Oral tolerogenic vaccine combined with gastrin restores immune tolerance and beta-cell function in NOD mice with Type 1 diabetes.

Abstract

BACKGROUND AND OBJECTIVE: Type 1 diabetes (T1D) results from autoimmune destruction of pancreatic β-cells. Current therapies fail to address the multiple mechanisms driving disease progression. We developed an oral-based vaccine that partially prevented and reversed autoimmune diabetes in mice. Gastrin, an intestinal hormone, has been reported to have anti-inflammatory and β-cell-protective effects. We hypothesized that combining the vaccine with a gastrin analogue (GAST-17) could enhance therapeutic efficacy. METHODS: Female non-obese diabetic (NOD) mice were treated with the oral vaccine, GAST-17, or their combination. Blood glucose levels, islet histology, immune cell infiltration, cytokine profiles, and regulatory T cell populations were assessed. Functional assays included antigen-specific stimulation, adoptive transfer, and analysis of immunoregulatory gene expression.

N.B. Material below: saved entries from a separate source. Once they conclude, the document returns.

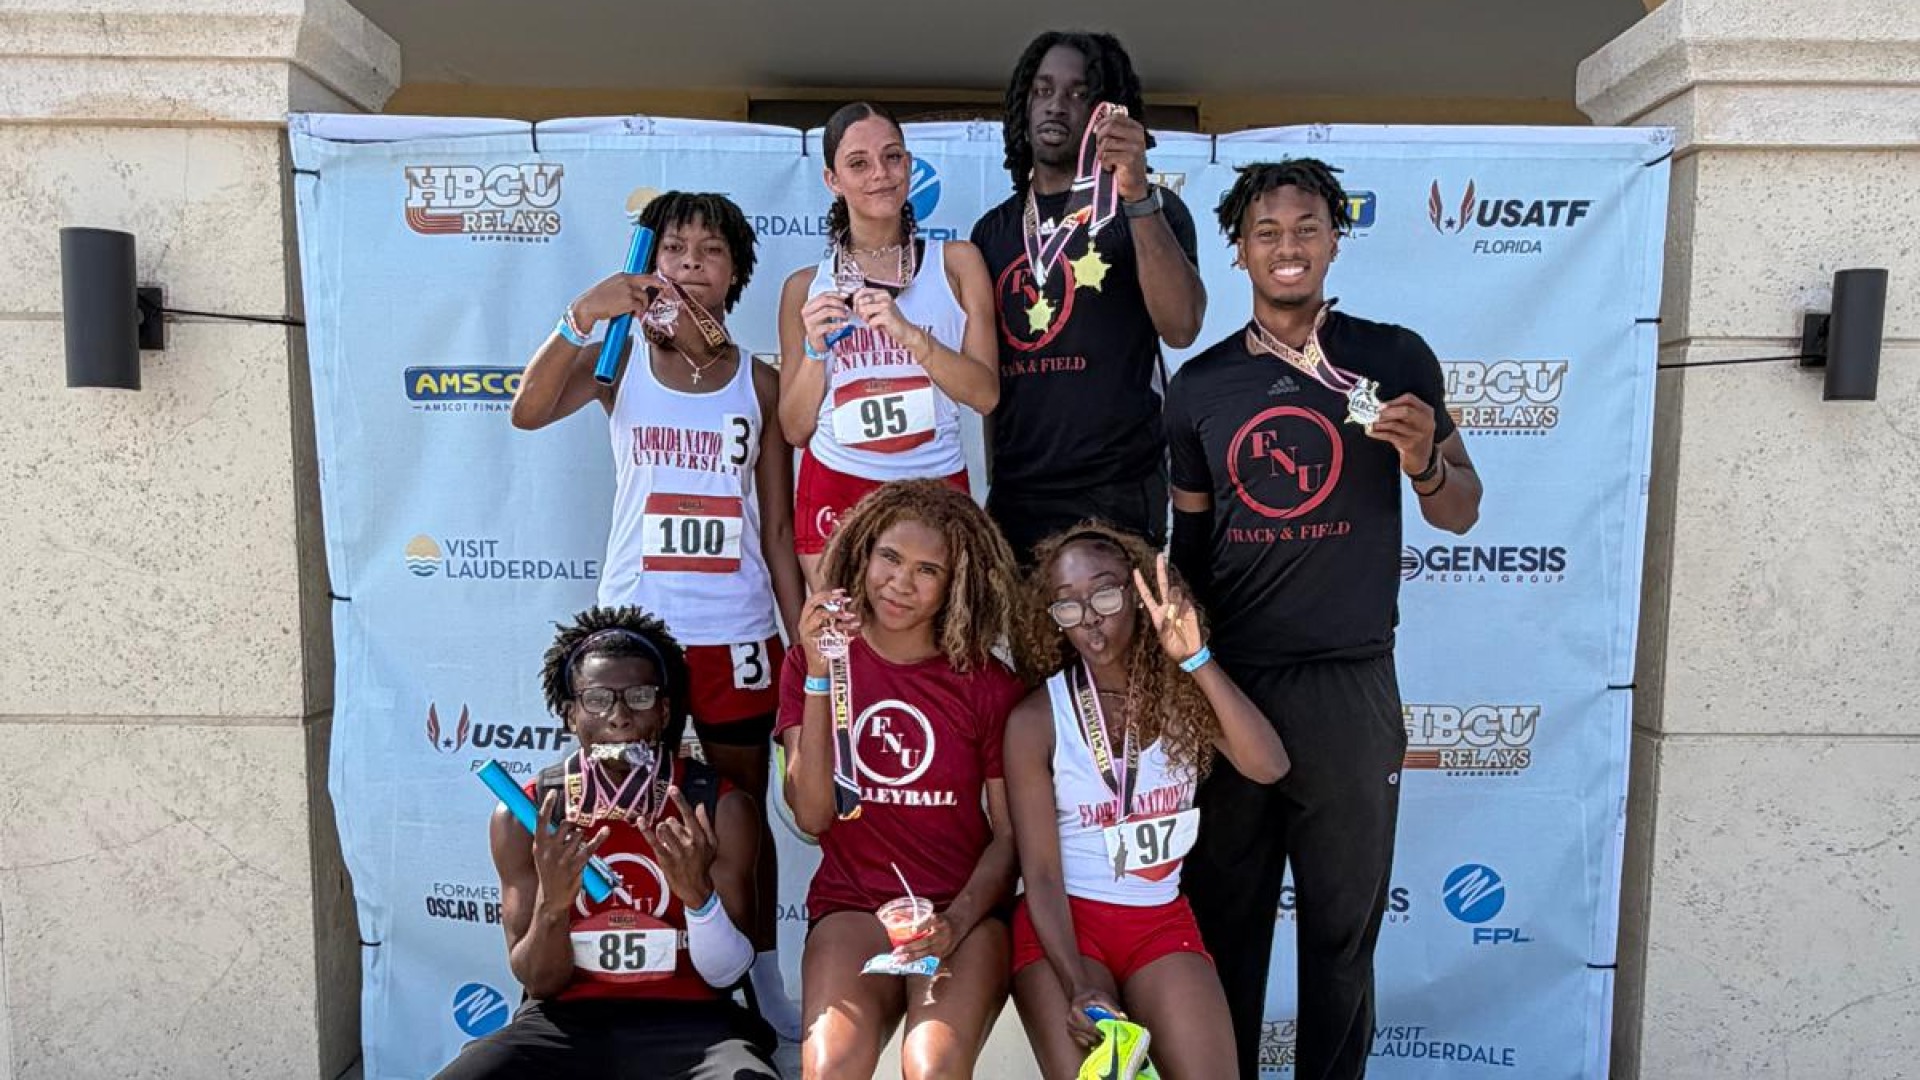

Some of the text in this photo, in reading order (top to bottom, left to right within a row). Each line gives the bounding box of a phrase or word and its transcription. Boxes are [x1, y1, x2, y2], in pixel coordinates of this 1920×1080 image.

[405, 164, 563, 208] HBCU
[462, 211, 560, 234] RELAYS
[1477, 200, 1591, 227] USATF
[1473, 240, 1542, 254] FLORIDA
[832, 349, 914, 374] UNIVERSI
[1041, 356, 1087, 374] FIELD
[415, 373, 526, 394] AMSCO
[424, 403, 467, 411] AMSCOT
[861, 395, 908, 439] 95
[1460, 406, 1558, 427] RELAYS
[731, 417, 750, 466] 3
[1250, 430, 1324, 492] FNU
[660, 517, 725, 555] 100
[1227, 521, 1351, 545] TRACK & FIELD
[446, 540, 499, 556] VISIT
[1425, 546, 1567, 572] GENESIS
[446, 560, 598, 580] LAUDERDALE
[1426, 574, 1565, 583] MEDIA GROUP
[739, 641, 763, 685] 3
[472, 723, 572, 750] USATF
[871, 716, 922, 769] FNU
[1438, 749, 1532, 768] RELAYS
[1136, 818, 1177, 864] 97
[426, 897, 479, 922] OSCAR
[1473, 927, 1531, 945] FPL
[600, 933, 646, 970] 85

RESULTS: Combination therapy demonstrated superior efficacy in both diabetes reversal and prevention. In reversal studies, diabetes remission was achieved in 80% of mice receiving the combination therapy, compared with 63% in the vaccine-only group and 5% in the GAST-17-only group. In prevention studies, diabetes onset was prevented in 80% of mice receiving the combination therapy, compared with 70% in the vaccine-only group and 30% in the GAST-17-only group. Therapeutic effects were associated with increased antigen-specific regulatory T-cells, reduced islet-infiltrating lymphocytes, preserved insulin-positive islet area and β-cell mass, and modulation of cytokine profiles, including elevated IL-10 and TGF-β and reduced IFN-γ, GM-CSF, IL-1α, and IL-12. Upregulation of immune checkpoint molecules (CTLA-4 and PD-L1) and immunoregulatory mediators (AhR, IDO, and IL-27) was observed, suggesting a potential contribution to immune homeostasis. CONCLUSIONS: The combination of the oral-based vaccine and GAST-17 improved glycemic control in NOD mice and was strongly associated with β-cell preservation and immune regulation. This dual-acting strategy, integrating immune modulation with β-cell preservation, may offer durable therapy in autoimmune diabetes and could have potential for future clinical translation.